Every struggle successfully navigated produces a softness towards others regarding that struggle. There was a time when you didn’t know; why should you expect them to know? You’ll begin to help others gain the sight you now have. This softness will change your whole attitude towards others. This softness will attract those you want in your life, whether as a leader or as a follower.

This softness will bring forth the best from others in return. 

The authentic effect

You weren’t the only one struggling with an inauthentic self. 

Truth is, all of us start off our lives wearing masks. The only difference is between those who know this, and those who don’t. 

Masks become heavier the longer we wear them. It requires the psychological equivalent of keeping your arms up indefinitely (imagine holding a mask in front of your face at a masquerade ball without end). In a world of marketing and manipulation, we crave opportunities to drop our masks without fear of reprisal. 

The reward of authenticity is the removal of stress coming from the fear of what others think. That carefree attitude is attractive. When you “keep it real”, others are drawn to the real within you. Authentic people engender trust from others, resulting in dropped pretenses and genuine expressions of self. Some will give everything to have it. 

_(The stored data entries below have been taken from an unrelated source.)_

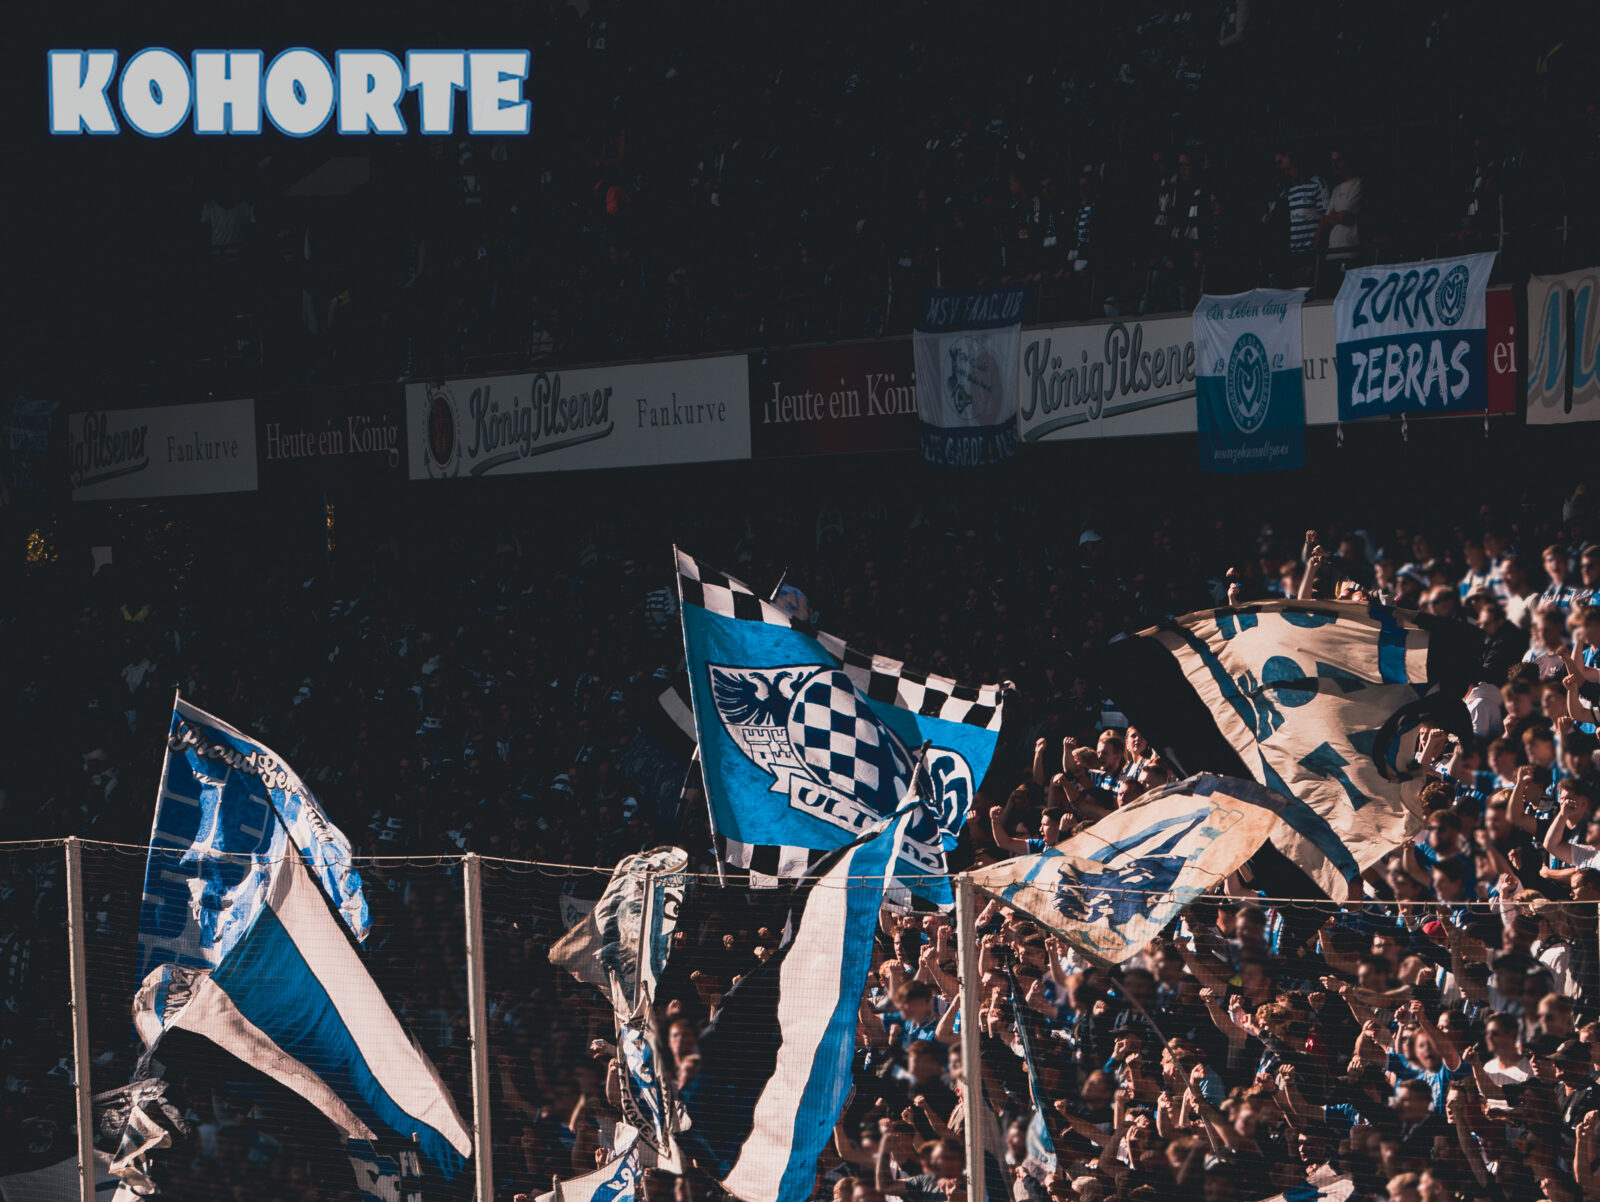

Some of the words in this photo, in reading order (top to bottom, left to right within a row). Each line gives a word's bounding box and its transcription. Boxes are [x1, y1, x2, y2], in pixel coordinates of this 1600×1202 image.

[1228, 300, 1259, 319] Leben
[1262, 299, 1288, 324] lang
[1022, 338, 1105, 421] König
[1103, 323, 1197, 399] Pilsene
[1351, 338, 1471, 407] ZEBRAS
[1493, 326, 1517, 374] ei
[468, 385, 531, 457] König
[531, 373, 613, 440] Pilsener
[636, 393, 727, 428] Fankurve
[762, 382, 825, 423] Heute
[829, 378, 861, 419] ein
[865, 373, 918, 417] Köni
[166, 430, 239, 464] Fankurve
[265, 423, 315, 460] Heute
[318, 418, 344, 456] ein
[348, 414, 400, 468] König
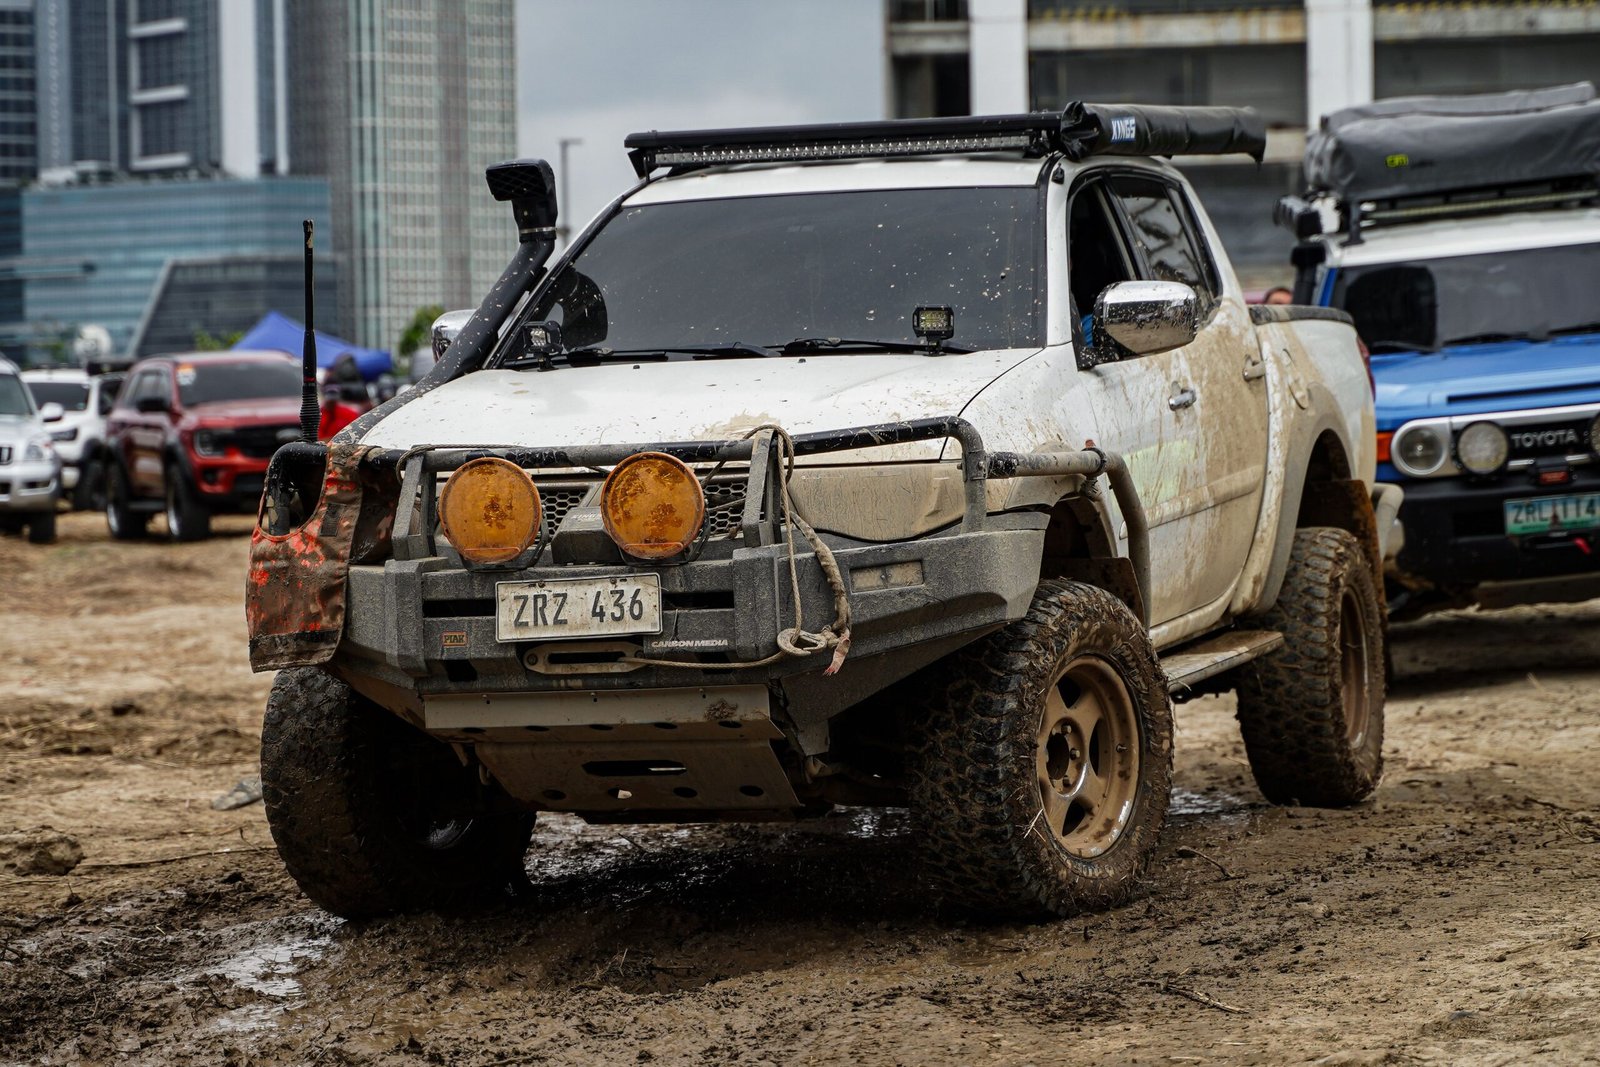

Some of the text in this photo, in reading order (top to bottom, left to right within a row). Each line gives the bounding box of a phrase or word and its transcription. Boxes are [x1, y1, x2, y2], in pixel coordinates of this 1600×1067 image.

[1510, 429, 1577, 448] TOYOTA
[1512, 501, 1549, 524] ZRL
[513, 588, 644, 628] ZRZ 436
[694, 638, 729, 647] MEDIA

How do you know when authenticity is forming in your life? By the number of confessions you hear. 

Authentic people receive the truth from others more often than most, including what people really think, feel, and believe. Receiving what others truly think, feel, and believe results in better data. Better data means better solutions.  

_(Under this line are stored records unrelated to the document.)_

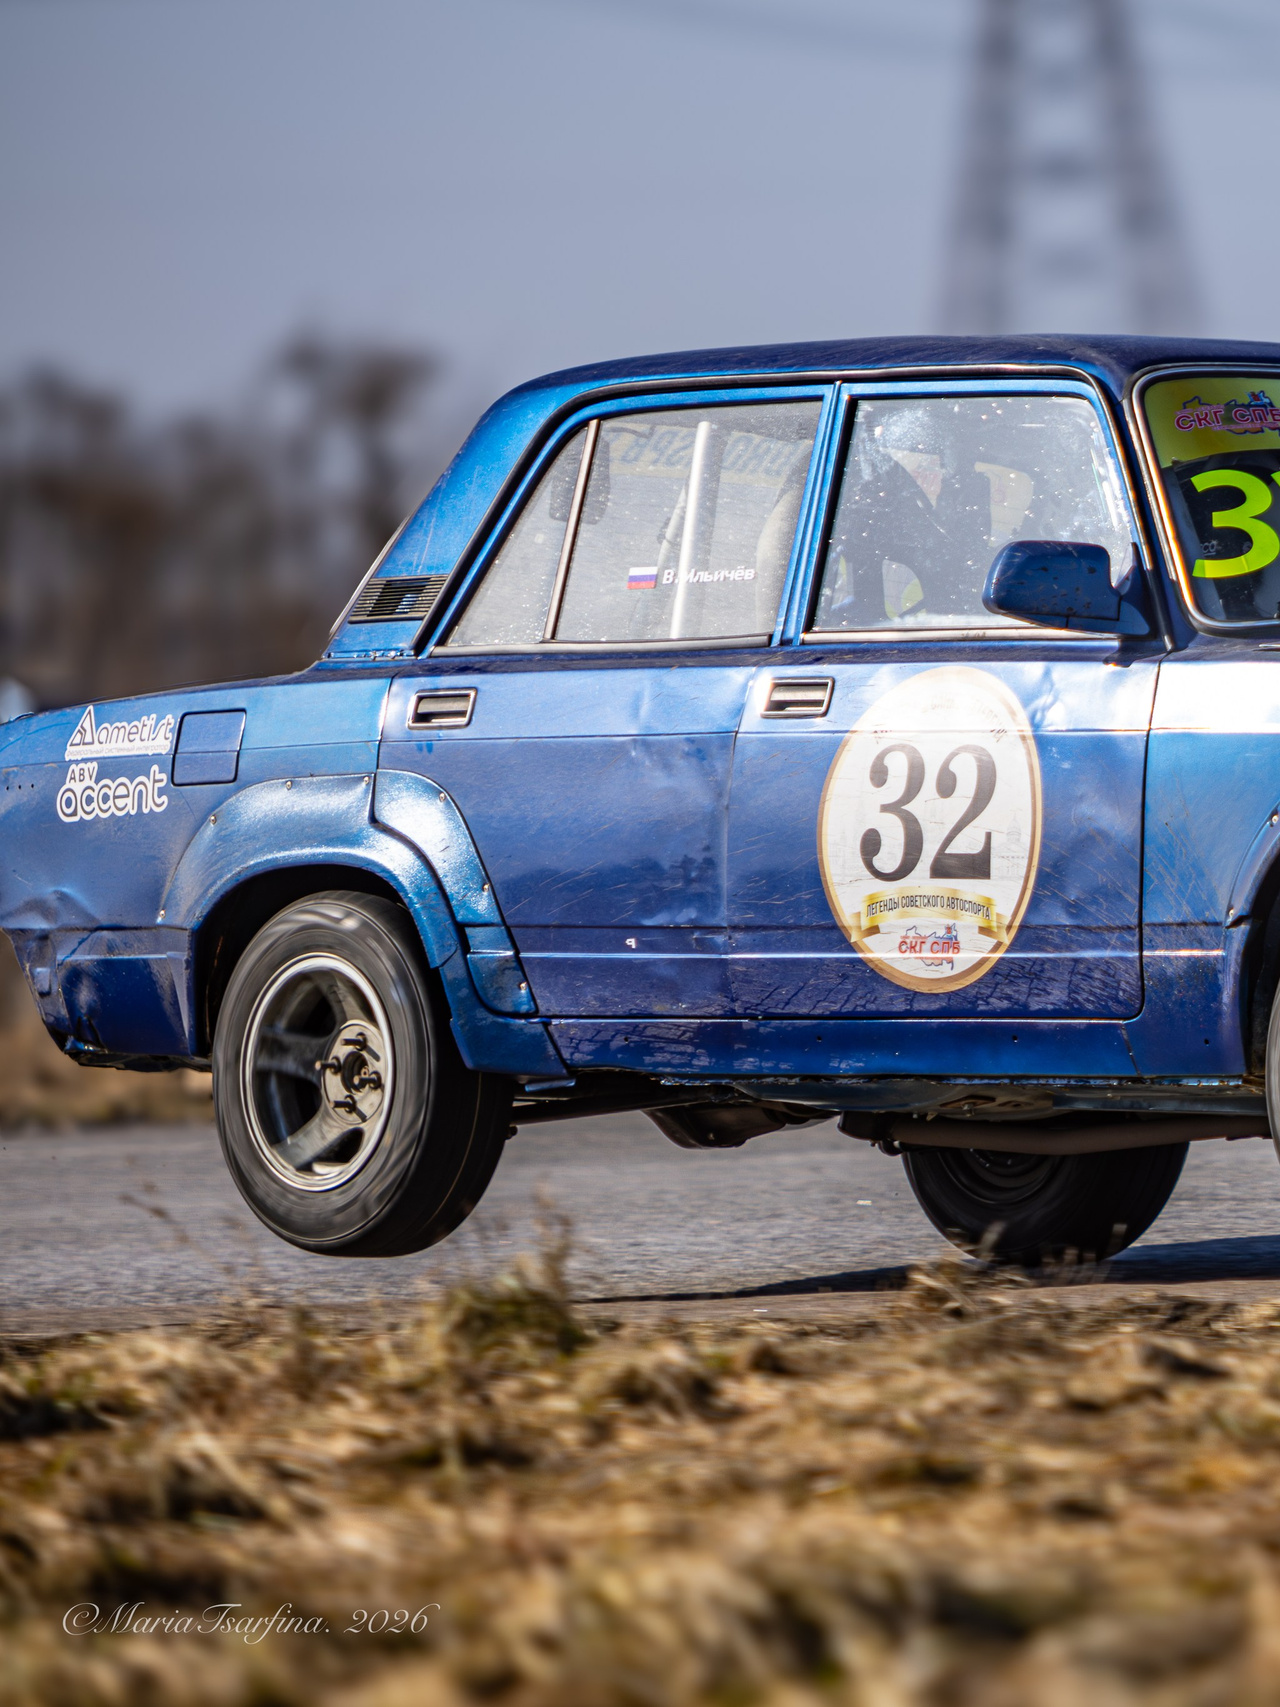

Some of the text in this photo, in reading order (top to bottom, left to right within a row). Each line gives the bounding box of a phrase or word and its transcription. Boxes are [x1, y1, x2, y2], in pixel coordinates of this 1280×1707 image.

[1174, 409, 1224, 431] СКГ
[68, 767, 96, 783] ABV
[59, 769, 167, 818] accent
[860, 744, 997, 881] 32
[866, 894, 992, 920] ЛЕГЕНДЫ СОВЕТСКОГО АВТОСПОРТА
[898, 940, 960, 955] СКГ СПБ

When talking about organizational culture, I often speak of the universal themes we all share in common, rallying points for creating a common narrative leading to a common vision and goals. How do I know the themes are valid? Because the data is good. I obtained the data by being authentic, and receiving authenticity in return. A lifetime of seeking and practicing authenticity has resulted in a good data set. 

How do you obtain the best from your employees? Start with being authentic. In time, you won’t be able to stop the results.